The Duke and Duchess of Bedford first leased the Invereshie shootings from George Macpherson Grant of Ballindalloch in 1818, beginning a lifelong sporting association with Glen Feshie. From 1829 Macpherson Grant began to impose limitations on sheep numbers on the upland grazings on which his farming tenants relied. In 1839, he converted his sheep range in Glen Feshie into a deer forest. In the late 1840s, the Duchess had Alexander Mackintosh of Mackintosh convert the Bedford shootings on the east side of Glen Feshie into a deer forest.

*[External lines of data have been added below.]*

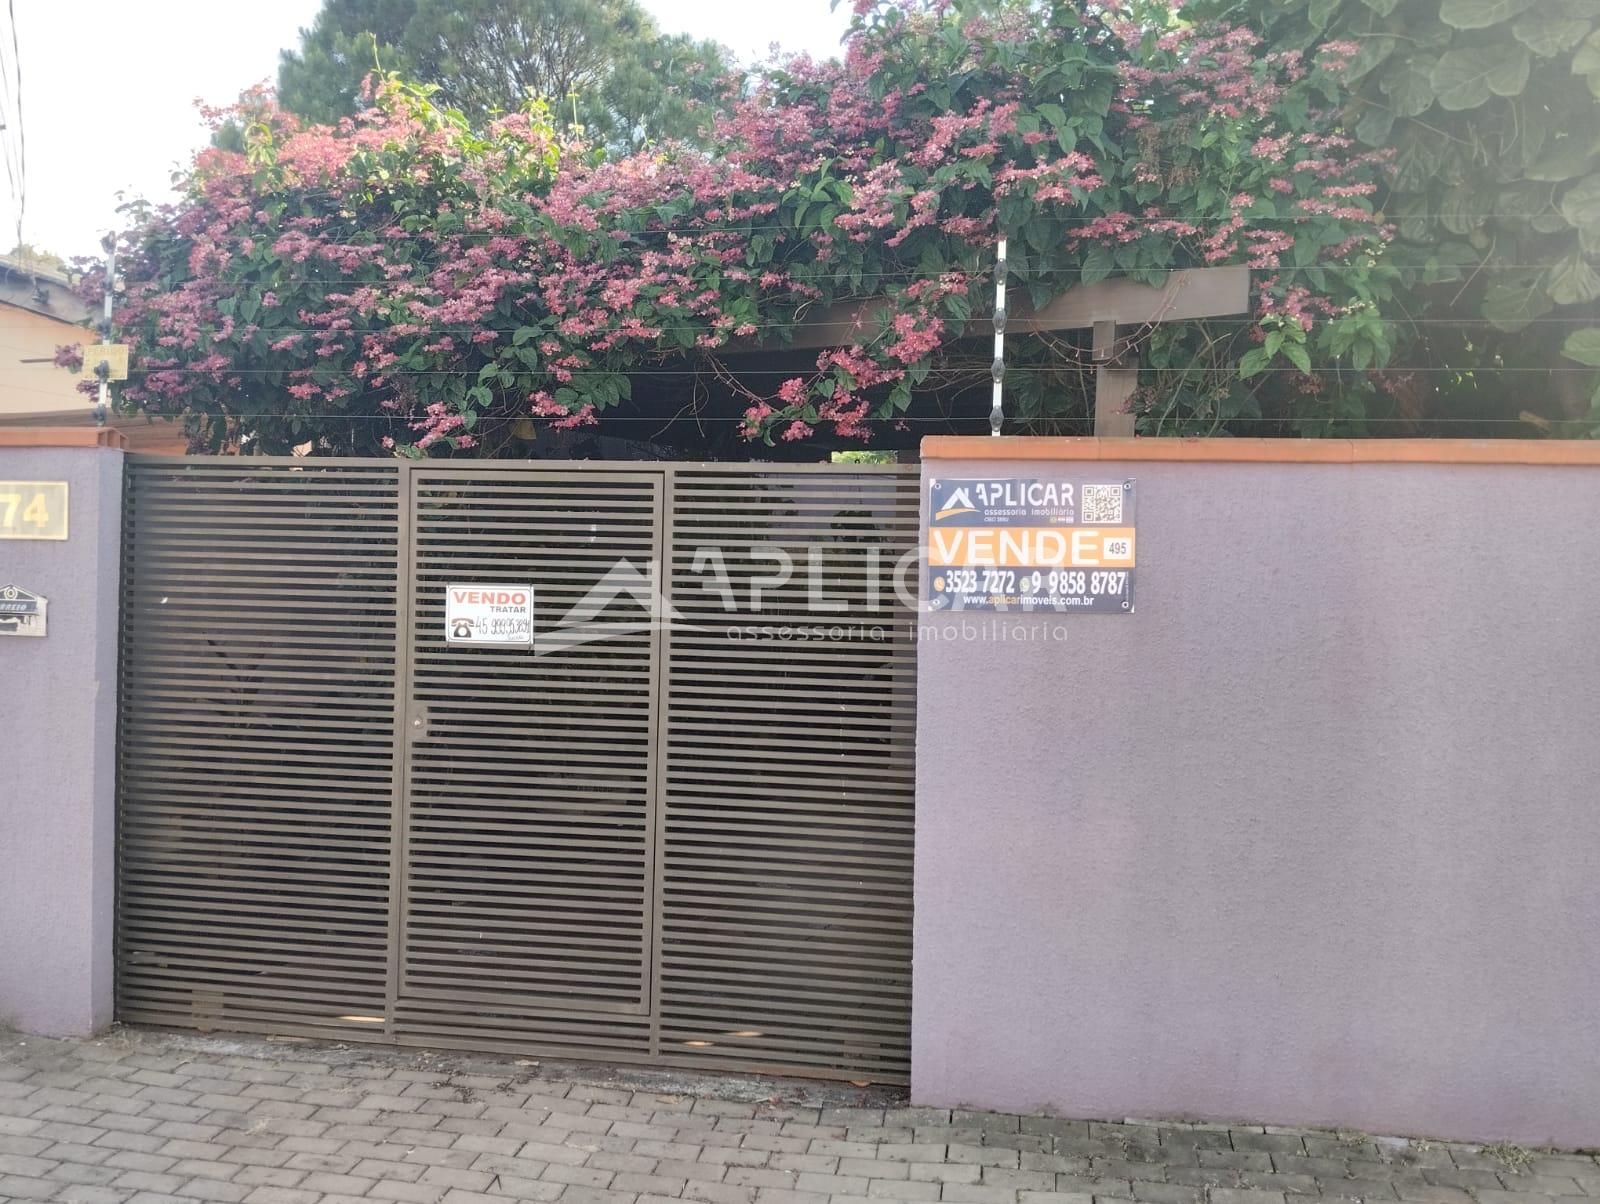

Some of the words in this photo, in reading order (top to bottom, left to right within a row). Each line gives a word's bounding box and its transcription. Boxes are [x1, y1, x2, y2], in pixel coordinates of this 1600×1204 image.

[976, 483, 1075, 506] APLICAR
[933, 530, 1100, 565] VENDE
[1108, 542, 1127, 555] 495
[945, 571, 978, 594] 3523
[982, 571, 1015, 594] 7272
[1032, 571, 1042, 594] 9
[1049, 571, 1086, 595] 9858
[1090, 571, 1126, 595] 8787
[453, 591, 527, 605] VENDO
[963, 595, 1095, 606] www.aplicarimoveis.com.br
[490, 605, 527, 613] TRATAR
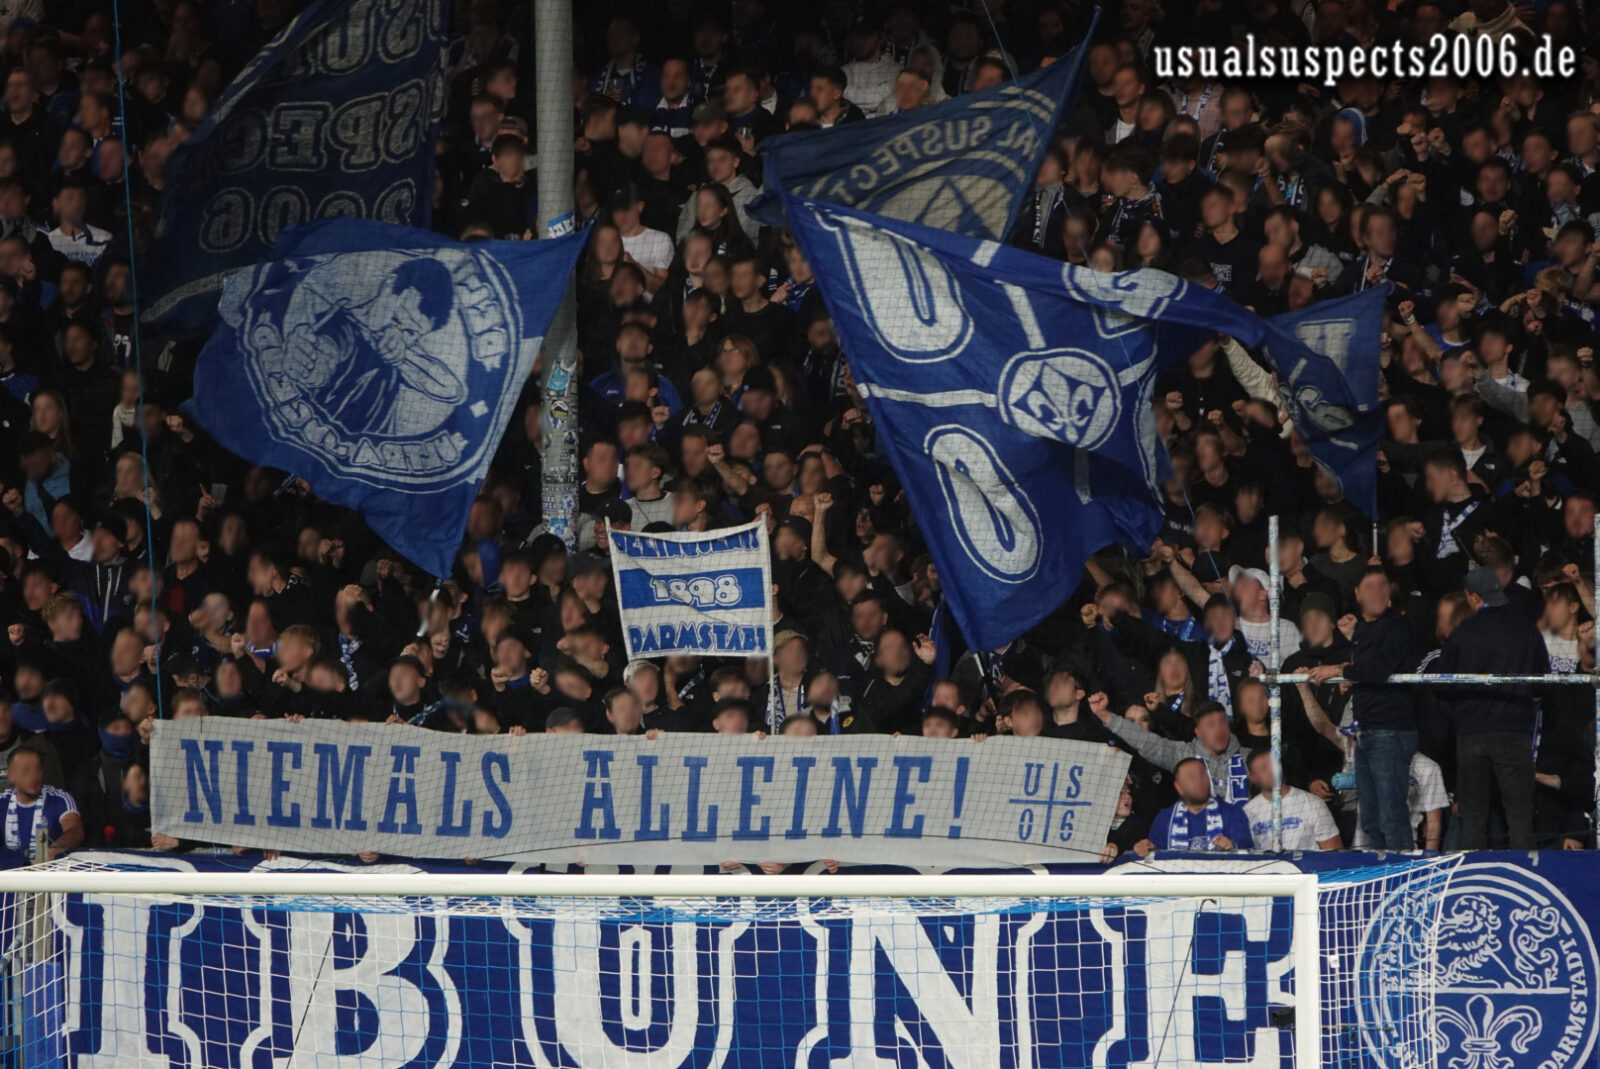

For an extended period in the 20th century the Glen Feshie estate was owned by the Dulverton family, before being bought by the Danish retail magnate Klaus Helmerson in the late 1990s. In 2006, the estate was bought by the Danish businessman Anders Holch Povlsen, who expanded it by buying the neighbouring 4,000 acre (1,600 ha) farm of Killiehuntly.